Encontré el mío hacia el final del bus en un grupo de cuatro asientos enfrentados. Ocupé el situado junto a la ventana y de espaldas al sentido de la marcha. El pelo me goteaba en la cara, necesitaba secármela. Empecé a rebuscar en el enorme bolso que traía al hospital. Tarea complicada. Libro, agenda, gafas, monedero, libreta, gafas de sol, neceser, cartera, estuche, botellín de agua, Ventolín, cepillo, toallitas húmedas de manos, paraguas y ¡pañuelos! Mis lágrimas se tomaron una pausa durante los minutos que transcurrieron entre la entrada al autobús y la localización de los pañuelos. Saqué un par y respiré profundamente mirando por el cristal empañado. Parapetada y a salvo de no sé muy bien qué de repente volvieron a fluir, calientes y sin freno, las lágrimas. Otra vez me ardían los ojos, otra vez me goteaba la nariz. No quería despegar la cara del cristal por temor a encontrarme unos ojos testigos de mi desconsuelo. Seguí así, suspendida en el tiempo y espacio de aquel autobús, mi cabeza ocupada por un solo pensamiento, ella, tumbada, exhausta, casi rendida, sin voz, solo ojos. Por momentos, el nudo que tenía en la garganta, temía que me hiciese gritar, gritar ¡no!, ¡basta!, ¡no quiero! No lo hice. Temía más quedar por loca o tonta, peor todavía, que ahogarme en mi propio dolor. De manera que, en lugar de eso, levanté la cabeza para tragar saliva con fuerza y me topé con ellos, unos ojos que me miraban. ¿Cuánto tiempo puedes mantener una mirada sin que sea una invitación a…? Transcurridos tres o cuatro segundos, apartó sus ojos de los míos. Yo no, yo me quedé suspensa en ellos, esperando que volviese a mirarme. No lo hizo inmediatamente. Mis ojos empezaron a reparar en su pelo, sus hombros, su ropa, su maletín, en todo él. Podía recordar a uno de esos reporteros del National Geographic. Y entonces volvió a mirarme. Una mirada que lejos de ser impertinente estaba llena de inquietud y delicadeza. Creí percibir interés. Ahora fui yo quien los apartó, porque sentí que mi mirada empezaba a estar teñida de otra cosa. Volví a perderme en el cristal, buscaba reconducir mi pensamiento hacia el objeto de mi dolor, pero aquella zozobra, si no nueva sí inesperada, no me dejaba. Después de tanto tiempo empezaba a encontrar confortable el dolor porque me acompañaba siempre y mecía en él cuando me quedaba a solas. ¿Pero esto?
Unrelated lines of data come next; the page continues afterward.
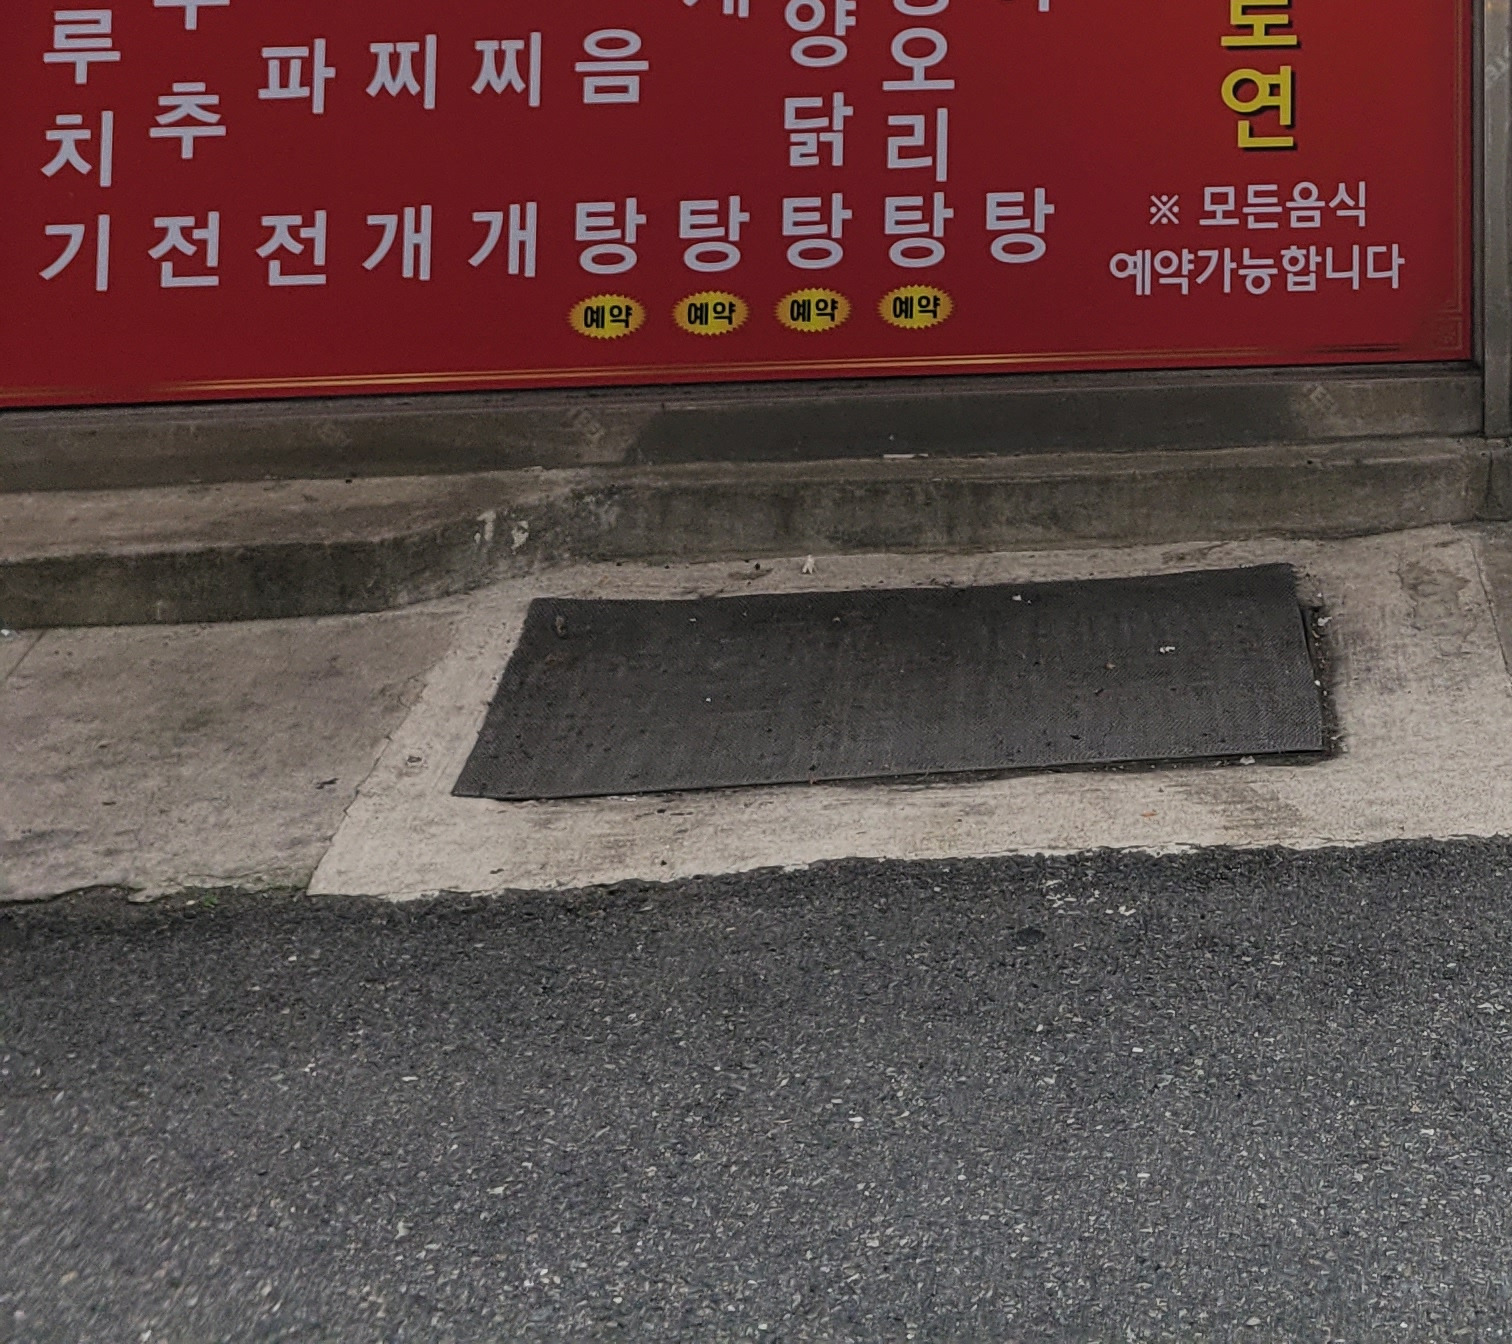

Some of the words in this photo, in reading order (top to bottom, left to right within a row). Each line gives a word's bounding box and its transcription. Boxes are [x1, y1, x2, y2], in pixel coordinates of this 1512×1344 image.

[1199, 180, 1368, 230] 모든음식
[1109, 243, 1406, 296] 예약가능합니다
[583, 304, 633, 329] 예약
[687, 301, 736, 326] 예약
[789, 298, 839, 322] 예약
[892, 295, 941, 320] 예약
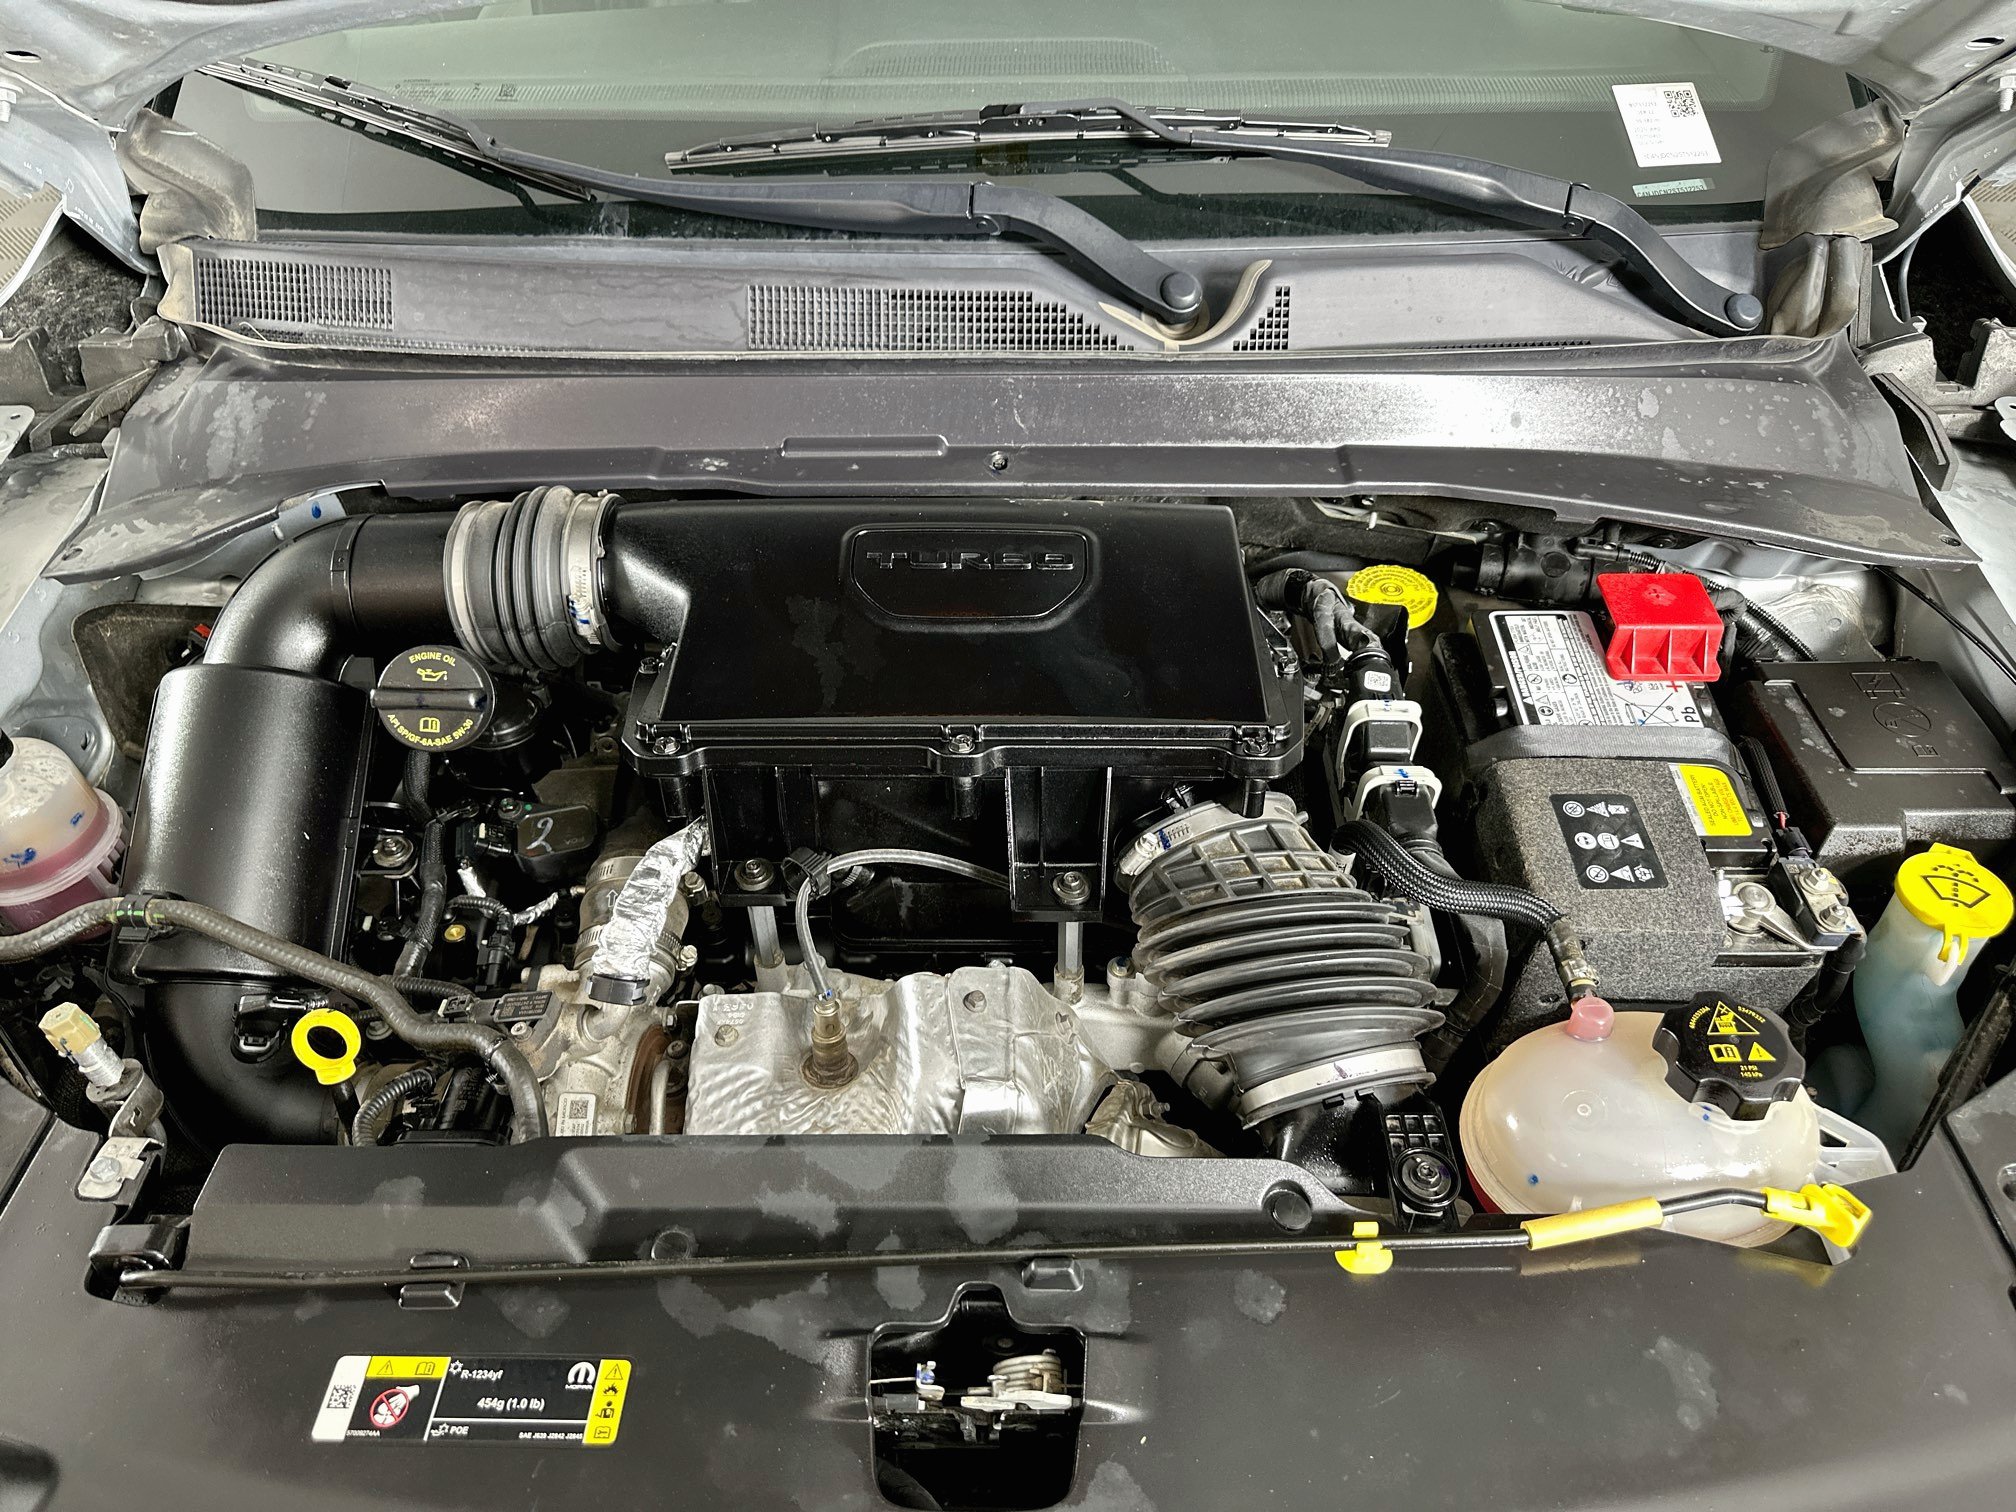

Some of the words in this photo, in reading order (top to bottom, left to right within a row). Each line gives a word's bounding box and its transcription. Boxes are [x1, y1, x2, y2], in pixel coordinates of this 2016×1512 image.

[866, 552, 1074, 570] TURBO
[409, 652, 442, 664] ENGINE
[442, 655, 456, 666] OIL
[1680, 706, 1700, 722] Pb
[388, 714, 400, 728] API
[452, 718, 474, 737] 5W-30
[526, 816, 554, 852] 2
[460, 1369, 504, 1380] R-1234yf
[476, 1397, 504, 1410] 454g
[506, 1398, 527, 1410] (1.0
[529, 1398, 545, 1412] lb)
[450, 1426, 470, 1435] POE
Era del todo inadecuado y me hacía sentir culpable.
Sin darme cuenta levanté de nuevo los ojos y allí estaban los suyos. Arqueó las cejas a modo de pregunta.
- ¿Qué necesitas? ¿Te puedo ayudar?
Ahora sí, un leve suspiro salió de mis labios. Parpadeé para librarme de una gruesa lágrima.
- Borra el dolor, borra esta calle, esta ciudad, borra los últimos cincuenta y dos días y devuélvenos las miradas alegres y sin miedo.
- No puedo hacer eso pero puedo abrazarte.
- Hazlo hasta que crujan mis huesos, hazlo hasta que pierda el sentido, hasta que desaparezca.
De pronto se inclinó para coger su maletín, se incorporó y sin dejar de mirarme salió al pasillo.
No me moví, no le miré mientras se marchaba. Ni siquiera miré por el cristal. Las lágrimas me devolvieron a ese lugar tan familiar. Mientras lo hacían pensé en Blanche Dubois: “Lo más opuesto a la muerte es el deseo”.
Seguí llorando hasta que llegué a mi parada.